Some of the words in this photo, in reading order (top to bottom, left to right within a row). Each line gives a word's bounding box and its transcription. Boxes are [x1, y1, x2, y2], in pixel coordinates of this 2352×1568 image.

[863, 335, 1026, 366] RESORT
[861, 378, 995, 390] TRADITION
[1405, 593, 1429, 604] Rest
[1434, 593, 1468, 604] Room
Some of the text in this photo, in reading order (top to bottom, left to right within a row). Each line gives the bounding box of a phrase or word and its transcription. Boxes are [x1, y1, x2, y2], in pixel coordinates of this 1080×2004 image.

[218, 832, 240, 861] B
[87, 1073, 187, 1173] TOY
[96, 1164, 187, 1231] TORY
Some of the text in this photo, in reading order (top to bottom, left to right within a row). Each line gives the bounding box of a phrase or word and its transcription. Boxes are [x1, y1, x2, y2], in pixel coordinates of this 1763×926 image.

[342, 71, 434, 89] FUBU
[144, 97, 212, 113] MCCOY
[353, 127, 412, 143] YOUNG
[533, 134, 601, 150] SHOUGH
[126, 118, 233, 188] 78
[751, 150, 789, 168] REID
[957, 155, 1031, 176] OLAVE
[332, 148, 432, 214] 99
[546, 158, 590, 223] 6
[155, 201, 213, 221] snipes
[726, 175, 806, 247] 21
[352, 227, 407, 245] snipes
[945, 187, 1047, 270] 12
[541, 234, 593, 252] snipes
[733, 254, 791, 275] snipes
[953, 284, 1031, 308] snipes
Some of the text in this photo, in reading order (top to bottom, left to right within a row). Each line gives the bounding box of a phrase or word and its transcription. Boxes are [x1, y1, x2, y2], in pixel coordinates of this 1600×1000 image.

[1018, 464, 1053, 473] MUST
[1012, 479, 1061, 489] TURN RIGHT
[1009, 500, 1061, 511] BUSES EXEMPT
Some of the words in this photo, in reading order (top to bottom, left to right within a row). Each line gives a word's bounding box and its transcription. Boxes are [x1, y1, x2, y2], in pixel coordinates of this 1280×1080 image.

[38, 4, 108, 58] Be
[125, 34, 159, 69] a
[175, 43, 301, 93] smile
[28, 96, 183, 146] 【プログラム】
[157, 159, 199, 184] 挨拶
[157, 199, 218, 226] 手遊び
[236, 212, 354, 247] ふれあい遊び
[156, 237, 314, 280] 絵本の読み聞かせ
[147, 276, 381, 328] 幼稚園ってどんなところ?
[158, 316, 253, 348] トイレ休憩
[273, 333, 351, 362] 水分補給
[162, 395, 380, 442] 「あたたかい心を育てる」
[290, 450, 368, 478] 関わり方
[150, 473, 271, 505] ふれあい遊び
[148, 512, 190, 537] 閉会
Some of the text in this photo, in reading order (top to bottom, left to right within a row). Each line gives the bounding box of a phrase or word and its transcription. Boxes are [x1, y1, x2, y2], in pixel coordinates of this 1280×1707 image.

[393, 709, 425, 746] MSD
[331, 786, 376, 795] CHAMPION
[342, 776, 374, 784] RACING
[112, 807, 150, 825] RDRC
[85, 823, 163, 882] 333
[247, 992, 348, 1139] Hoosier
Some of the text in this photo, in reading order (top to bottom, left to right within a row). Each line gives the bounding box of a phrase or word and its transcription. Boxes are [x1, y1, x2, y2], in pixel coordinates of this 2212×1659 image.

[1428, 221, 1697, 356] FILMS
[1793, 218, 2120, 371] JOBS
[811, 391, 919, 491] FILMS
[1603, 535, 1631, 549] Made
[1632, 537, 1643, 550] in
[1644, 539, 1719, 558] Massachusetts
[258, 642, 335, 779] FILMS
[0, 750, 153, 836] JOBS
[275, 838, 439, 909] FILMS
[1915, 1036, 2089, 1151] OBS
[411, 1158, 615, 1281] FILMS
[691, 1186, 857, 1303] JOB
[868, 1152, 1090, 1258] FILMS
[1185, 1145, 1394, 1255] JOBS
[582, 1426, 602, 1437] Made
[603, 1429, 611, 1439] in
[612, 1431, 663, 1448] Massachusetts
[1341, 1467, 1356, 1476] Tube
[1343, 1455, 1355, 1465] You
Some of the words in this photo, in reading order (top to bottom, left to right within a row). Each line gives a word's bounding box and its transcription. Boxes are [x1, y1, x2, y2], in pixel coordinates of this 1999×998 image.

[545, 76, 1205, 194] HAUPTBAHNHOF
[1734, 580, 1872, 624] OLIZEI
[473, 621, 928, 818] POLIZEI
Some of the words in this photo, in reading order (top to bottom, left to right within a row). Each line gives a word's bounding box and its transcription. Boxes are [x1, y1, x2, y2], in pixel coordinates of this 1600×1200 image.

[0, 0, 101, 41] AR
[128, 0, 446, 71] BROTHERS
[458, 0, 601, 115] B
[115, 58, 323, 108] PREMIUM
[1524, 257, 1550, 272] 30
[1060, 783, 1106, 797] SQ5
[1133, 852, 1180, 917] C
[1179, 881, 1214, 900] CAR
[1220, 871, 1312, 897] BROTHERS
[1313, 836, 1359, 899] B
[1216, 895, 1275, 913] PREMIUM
*****
§ **Task objective**:
Return the listing in full, matching each word exactly.

§ **Response for this exercise**:
Some of the words in this photo, in reading order (top to bottom, left to right within a row). Each line gives a word's bounding box and its transcription. Boxes are [x1, y1, x2, y2], in pixel coordinates of this 2352×1568 image.

[863, 335, 1026, 366] RESORT
[861, 378, 995, 390] TRADITION
[1405, 593, 1429, 604] Rest
[1434, 593, 1468, 604] Room
Some of the text in this photo, in reading order (top to bottom, left to right within a row). Each line gives the bounding box of a phrase or word and its transcription. Boxes are [x1, y1, x2, y2], in pixel coordinates of this 1080×2004 image.

[218, 832, 240, 861] B
[87, 1073, 187, 1173] TOY
[96, 1164, 187, 1231] TORY
Some of the text in this photo, in reading order (top to bottom, left to right within a row). Each line gives the bounding box of a phrase or word and its transcription. Boxes are [x1, y1, x2, y2], in pixel coordinates of this 1763×926 image.

[342, 71, 434, 89] FUBU
[144, 97, 212, 113] MCCOY
[353, 127, 412, 143] YOUNG
[533, 134, 601, 150] SHOUGH
[126, 118, 233, 188] 78
[751, 150, 789, 168] REID
[957, 155, 1031, 176] OLAVE
[332, 148, 432, 214] 99
[546, 158, 590, 223] 6
[155, 201, 213, 221] snipes
[726, 175, 806, 247] 21
[352, 227, 407, 245] snipes
[945, 187, 1047, 270] 12
[541, 234, 593, 252] snipes
[733, 254, 791, 275] snipes
[953, 284, 1031, 308] snipes
Some of the text in this photo, in reading order (top to bottom, left to right within a row). Each line gives the bounding box of a phrase or word and its transcription. Boxes are [x1, y1, x2, y2], in pixel coordinates of this 1600×1000 image.

[1018, 464, 1053, 473] MUST
[1012, 479, 1061, 489] TURN RIGHT
[1009, 500, 1061, 511] BUSES EXEMPT
Some of the words in this photo, in reading order (top to bottom, left to right within a row). Each line gives a word's bounding box and its transcription. Boxes are [x1, y1, x2, y2], in pixel coordinates of this 1280×1080 image.

[38, 4, 108, 58] Be
[125, 34, 159, 69] a
[175, 43, 301, 93] smile
[28, 96, 183, 146] 【プログラム】
[157, 159, 199, 184] 挨拶
[157, 199, 218, 226] 手遊び
[236, 212, 354, 247] ふれあい遊び
[156, 237, 314, 280] 絵本の読み聞かせ
[147, 276, 381, 328] 幼稚園ってどんなところ?
[158, 316, 253, 348] トイレ休憩
[273, 333, 351, 362] 水分補給
[162, 395, 380, 442] 「あたたかい心を育てる」
[290, 450, 368, 478] 関わり方
[150, 473, 271, 505] ふれあい遊び
[148, 512, 190, 537] 閉会
Some of the text in this photo, in reading order (top to bottom, left to right within a row). Each line gives the bounding box of a phrase or word and its transcription. Boxes are [x1, y1, x2, y2], in pixel coordinates of this 1280×1707 image.

[393, 709, 425, 746] MSD
[331, 786, 376, 795] CHAMPION
[342, 776, 374, 784] RACING
[112, 807, 150, 825] RDRC
[85, 823, 163, 882] 333
[247, 992, 348, 1139] Hoosier
Some of the text in this photo, in reading order (top to bottom, left to right within a row). Each line gives the bounding box of a phrase or word and its transcription. Boxes are [x1, y1, x2, y2], in pixel coordinates of this 2212×1659 image.

[1428, 221, 1697, 356] FILMS
[1793, 218, 2120, 371] JOBS
[811, 391, 919, 491] FILMS
[1603, 535, 1631, 549] Made
[1632, 537, 1643, 550] in
[1644, 539, 1719, 558] Massachusetts
[258, 642, 335, 779] FILMS
[0, 750, 153, 836] JOBS
[275, 838, 439, 909] FILMS
[1915, 1036, 2089, 1151] OBS
[411, 1158, 615, 1281] FILMS
[691, 1186, 857, 1303] JOB
[868, 1152, 1090, 1258] FILMS
[1185, 1145, 1394, 1255] JOBS
[582, 1426, 602, 1437] Made
[603, 1429, 611, 1439] in
[612, 1431, 663, 1448] Massachusetts
[1341, 1467, 1356, 1476] Tube
[1343, 1455, 1355, 1465] You
Some of the words in this photo, in reading order (top to bottom, left to right within a row). Each line gives a word's bounding box and its transcription. Boxes are [x1, y1, x2, y2], in pixel coordinates of this 1999×998 image.

[545, 76, 1205, 194] HAUPTBAHNHOF
[1734, 580, 1872, 624] OLIZEI
[473, 621, 928, 818] POLIZEI
Some of the words in this photo, in reading order (top to bottom, left to right within a row). Each line gives a word's bounding box and its transcription. Boxes are [x1, y1, x2, y2], in pixel coordinates of this 1600×1200 image.

[0, 0, 101, 41] AR
[128, 0, 446, 71] BROTHERS
[458, 0, 601, 115] B
[115, 58, 323, 108] PREMIUM
[1524, 257, 1550, 272] 30
[1060, 783, 1106, 797] SQ5
[1133, 852, 1180, 917] C
[1179, 881, 1214, 900] CAR
[1220, 871, 1312, 897] BROTHERS
[1313, 836, 1359, 899] B
[1216, 895, 1275, 913] PREMIUM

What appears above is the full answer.